The Giant Robber Flies get their name for a reason. They are around an inch long, and the noise they make while flying is quite loud. The scientific name of the robber fly pictured is Promachus vertebratus. The Greek background of the name promachos is “defender, champion.” Another translation says promachus means “challenger”, and yet another says “who leads into battle.” No matter which you use, the robber fly sounds and looks very menacing.
Luckily these flies are more interested in their prey than us. It may look like they could sting, but what you see in the picture is a female laying eggs with her ovipositor (not a stinger). If you try to catch one with your bare hand, they will bite.
Adult robber flies eat just about every other insect on the prairie. This includes wasps and dragonflies, which as earned them a common name of bee killer flies. If they can catch and hold onto it, they will eat it. The eggs will hatch from within the plant where they were laid, and the larvae will burrow underground. Here they will eat grubs and overwinter. When spring arrives, the larvae pupate and adults will emerge again in the summer.

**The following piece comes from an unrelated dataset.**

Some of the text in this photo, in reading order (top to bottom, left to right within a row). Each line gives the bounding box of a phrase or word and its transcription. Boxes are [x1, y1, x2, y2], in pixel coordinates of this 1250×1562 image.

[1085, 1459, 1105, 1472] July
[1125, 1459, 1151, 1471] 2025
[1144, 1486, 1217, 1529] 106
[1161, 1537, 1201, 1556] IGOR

Over 1,000 species of robber flies can be found in North America alone. This species has vivid green eyes – sometimes with some red. The front and face have yellow hairs and bristles, and the proboscis is usually shining black like the antennae. The thorax is yellowish with brown and grey to reddish stripes/lines along. The abdomen is usually grey with black stripes.
They are likely to be found in or above prairies and fields. As stated earlier, they will be flying throughout the summer and early fall. If you see one of these beauties along the trail this fall, don’t catch it, but instead enjoy the show they put on. Maybe you will get to see them catch some prey.